One of the county’s two methadone clinics came under blistering attack at Tuesday’s Board of Supervisors meeting, just one week before Santa Barbara’s $3.6 million annual contract with the private service provider was scheduled for renewal. County Supervisor Peter Adam led the charge, suggesting, “There’s a lot more willful ignorance of this methadone thing than meets the eye.”
Methadone is a highly addictive but federally regulated opiate that’s long been given to heroin addicts in lieu of their drug of choice on the grounds it produces a less intense high and allows users to lead more functional lives. Adam, however, challenged the wisdom of substituting one addiction for another. Alice Gleghorn, the county’s Department of Behavioral Wellness chief, said she first began administering methadone programs 20 years ago in San Francisco and quickly discovered how effective they were. Gleghorn claimed that 80 percent of the county’s methadone patients who manage to stay in treatment 90 days are free of illegal drugs and that 25 percent successfully complete treatment.
For the past 17 years, the County of Santa Barbara has contracted with a private methadone treatment and counseling service — Aegis — and is now funneling millions of federal dollars to provide daily fixes to about 700 patients countywide. Aegis runs two clinics, one in Santa Barbara and the other in Santa Maria. In the past two years, the number of methadone patients has increased by 180, in part because heroin use has skyrocketed and in part because the Affordable Care Act now covers methadone treatment.
The Santa Maria clinic was the target of scorching criticism from a Santa Maria city councilmember, a planning commissioner, a McDonald’s owner, and a homeless shelter operator for a host of reasons. Councilmember Bob Orach expressed “grave concern” about Aegis’s downtown location and said the licensed medical clinic needed to move. Drug addicts, he said, were spilling over into the surrounding neighborhood. Ted Maddox, who owns the McDonald’s across the street, complained of needles in his bathroom and in his bushes. Sylvia Bernard, executive director of the Good Samaritan shelters, objected that most people who are given methadone stay on methadone.

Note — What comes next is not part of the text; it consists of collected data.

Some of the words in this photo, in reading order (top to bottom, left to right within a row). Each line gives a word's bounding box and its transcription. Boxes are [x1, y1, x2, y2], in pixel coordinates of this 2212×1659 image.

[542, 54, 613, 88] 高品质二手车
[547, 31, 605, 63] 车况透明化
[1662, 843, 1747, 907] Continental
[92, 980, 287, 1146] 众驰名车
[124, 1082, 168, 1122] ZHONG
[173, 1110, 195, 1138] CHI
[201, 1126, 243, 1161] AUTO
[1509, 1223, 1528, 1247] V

She referred to babies being born addicted to the opiate and having to go through withdrawal. Methadone renders many parents unfit to care for their children, she charged, and questioned how many of the county’s methadone patients “have open child welfare cases.”
Gleghorn acknowledged that the prospect of neonatal withdrawal was indeed alarming, but not as alarming as pregnancies terminating during cold-turkey withdrawals. She stressed that Aegis provided counseling as well as methadone and that the program is employing time-tested treatment modalities. She acknowledged most patients stay in the program 40 months, but said 40 percent reported an increased number of days working and improved family and social life. In an interview before the meeting, her assistant John Doyel noted that heroin is among the most addictive drugs on the planet and alters the fundamental brain chemistry of the users. For that reason, he said, relapse among heroin users is notoriously high.

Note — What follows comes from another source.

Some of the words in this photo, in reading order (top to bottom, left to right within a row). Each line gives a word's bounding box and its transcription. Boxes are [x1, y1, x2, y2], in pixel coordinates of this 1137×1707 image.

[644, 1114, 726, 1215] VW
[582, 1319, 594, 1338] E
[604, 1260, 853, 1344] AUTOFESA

Aegis CEO Alex Dodd was on hand and expressed a willingness to seek other locations, but he noted that the licensing requirements are intense and not something that can be done quickly or easily. Supervisor Salud Carbajal expressed support for the methadone program, saying, “I’ve known people who were methadone dependent, but that’s been the one avenue that’s given the stability to function in their lives.”

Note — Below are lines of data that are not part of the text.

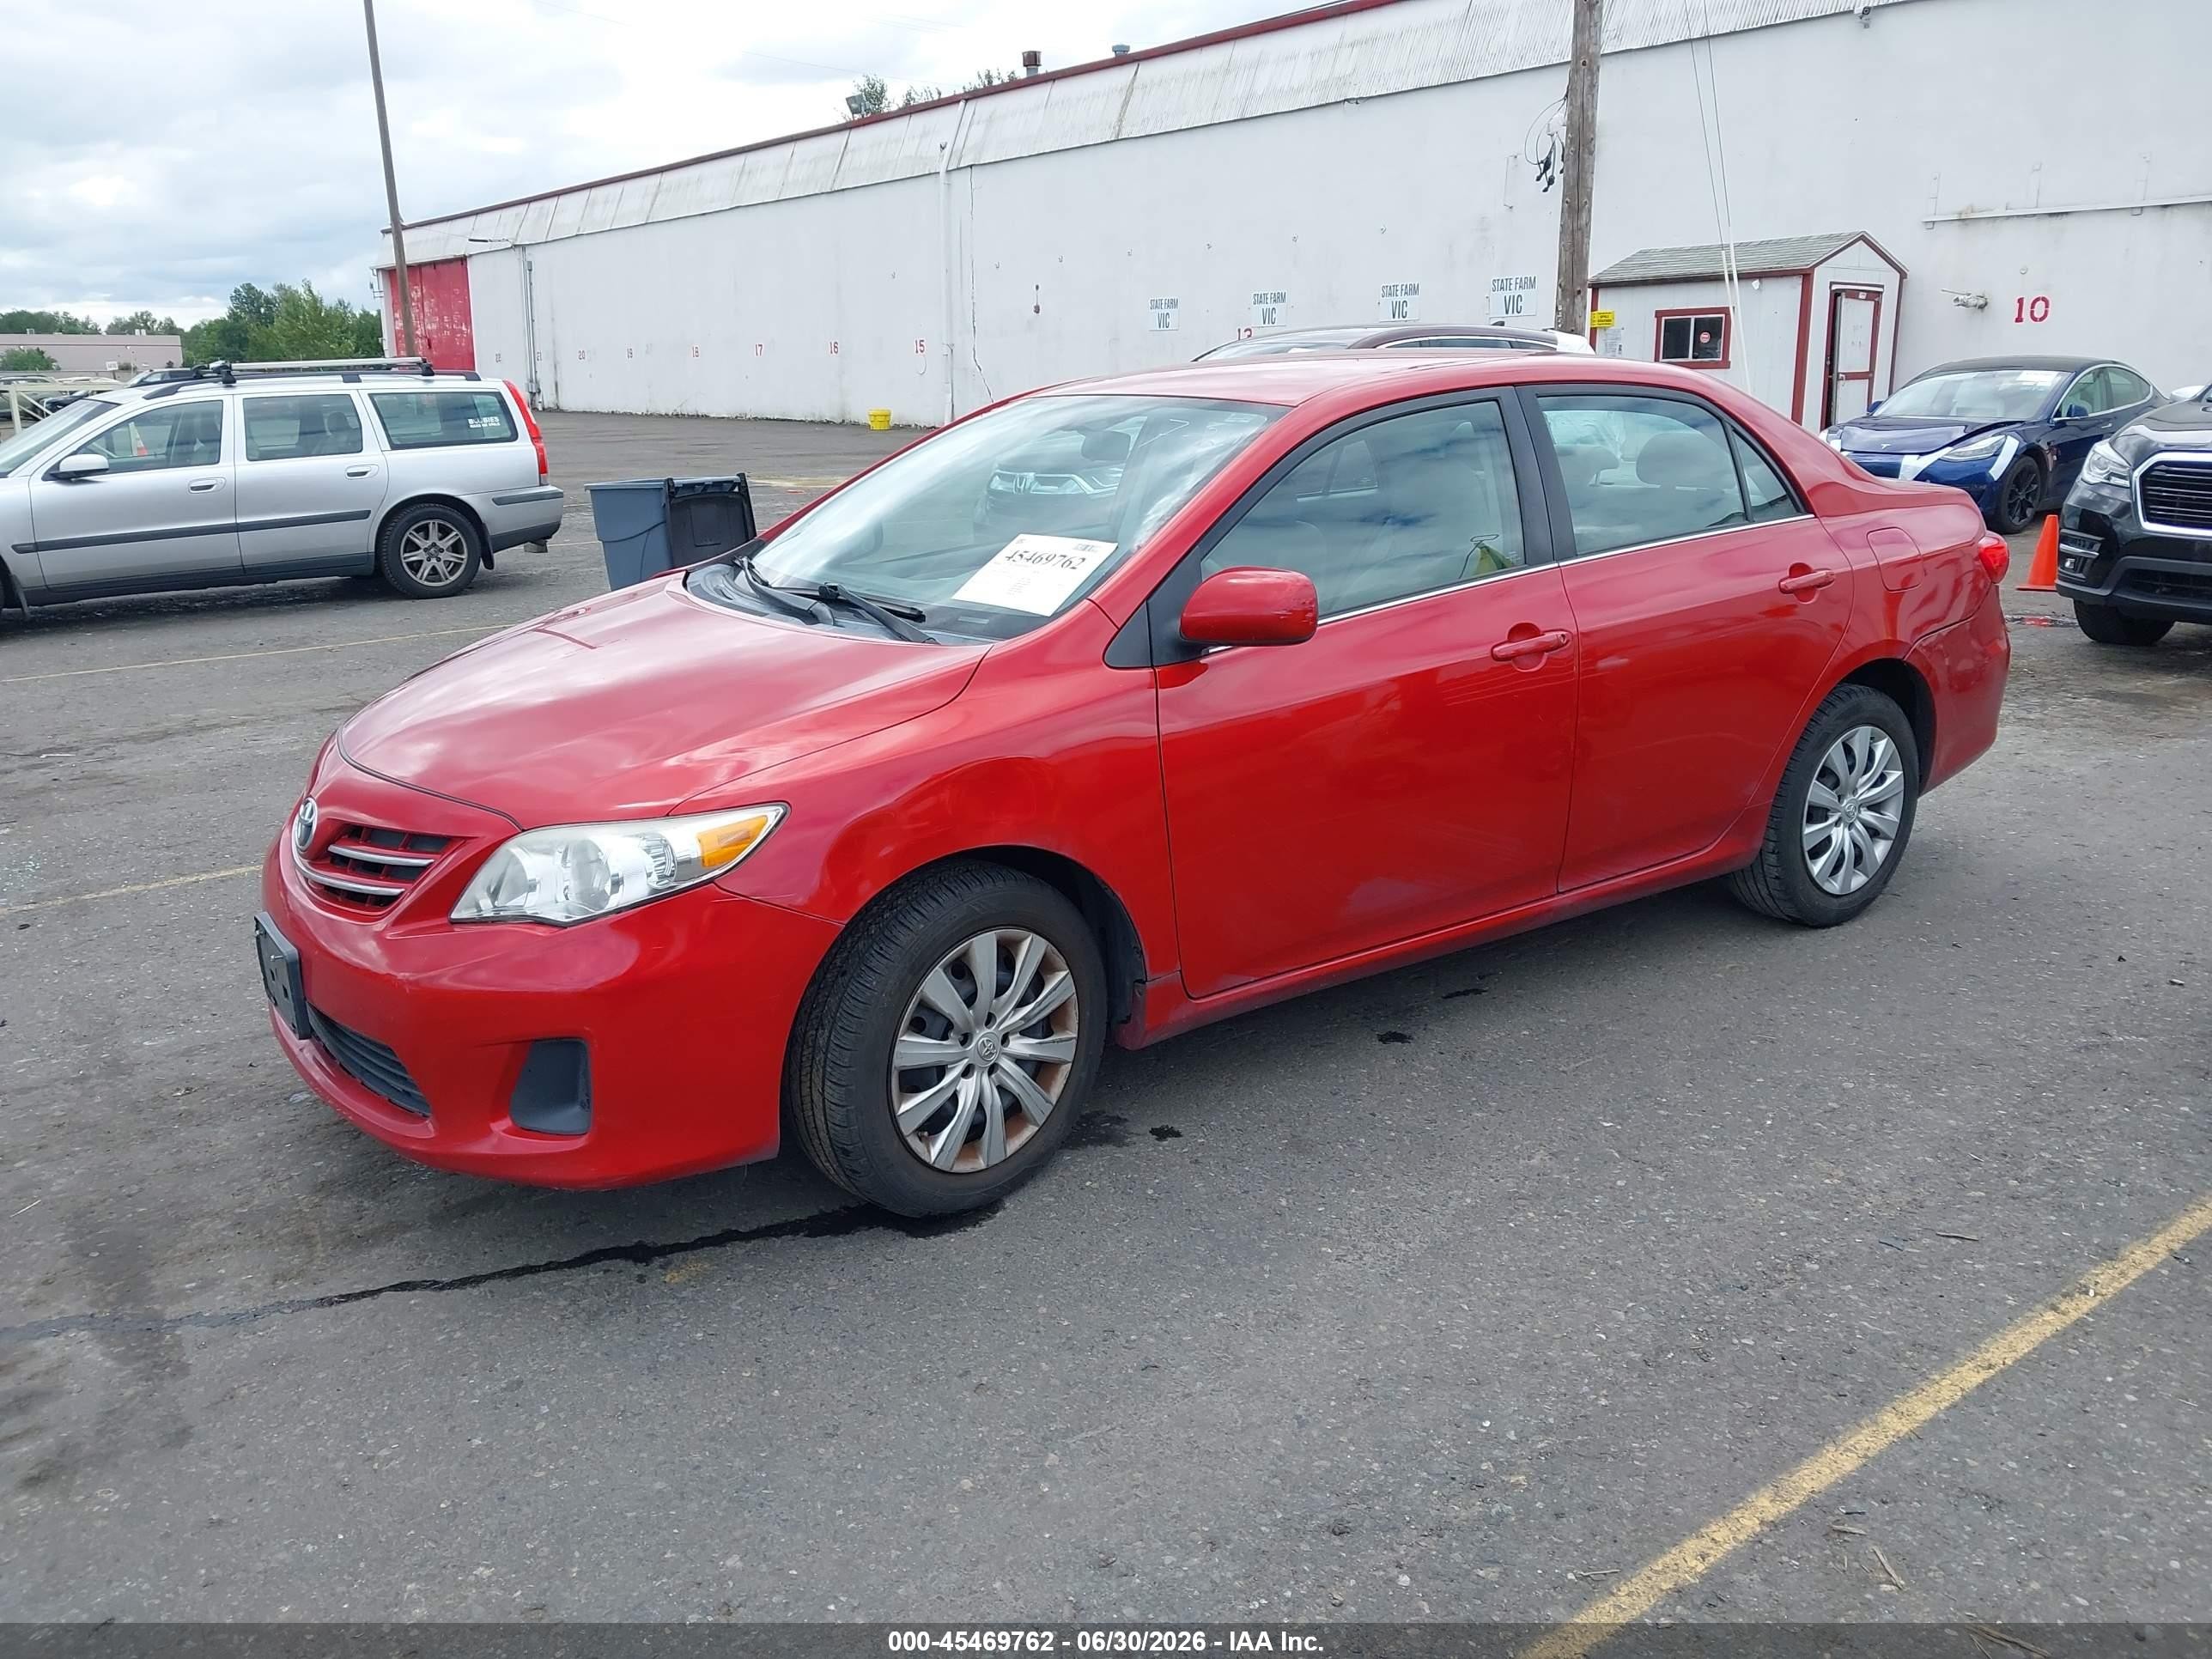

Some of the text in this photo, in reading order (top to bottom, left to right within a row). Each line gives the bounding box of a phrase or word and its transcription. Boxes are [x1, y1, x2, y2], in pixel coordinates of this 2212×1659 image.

[1381, 283, 1419, 298] STATE FARM
[1492, 276, 1537, 292] STATE FARM
[1150, 298, 1179, 310] STATE FARM
[1253, 291, 1286, 305] STATE FARM
[1504, 295, 1522, 315] VIC
[1261, 307, 1276, 325] VIC
[1391, 301, 1408, 319] VIC
[2014, 295, 2050, 323] 10
[1158, 313, 1170, 329] VIC
[755, 343, 763, 356] 17
[829, 341, 839, 355] 16
[915, 339, 926, 354] 15
[1005, 550, 1086, 570] 45469762

Tuesday’s exchange was informational only, triggered when Supervisor Adam peppered Gleghorn with questions about the program at a previous board meeting. Some of those questions, he complained, remain unsatisfactorily answered. He argued the county needs to establish stricter performance benchmarks for Aegis if it is to remain the county’s sole service provider. He also suggested that the length of the Aegis contract be whittled down from three years to one. It’s unlikely he has the votes to make that happen, but it’s equally unlikely that the issue has been laid to rest.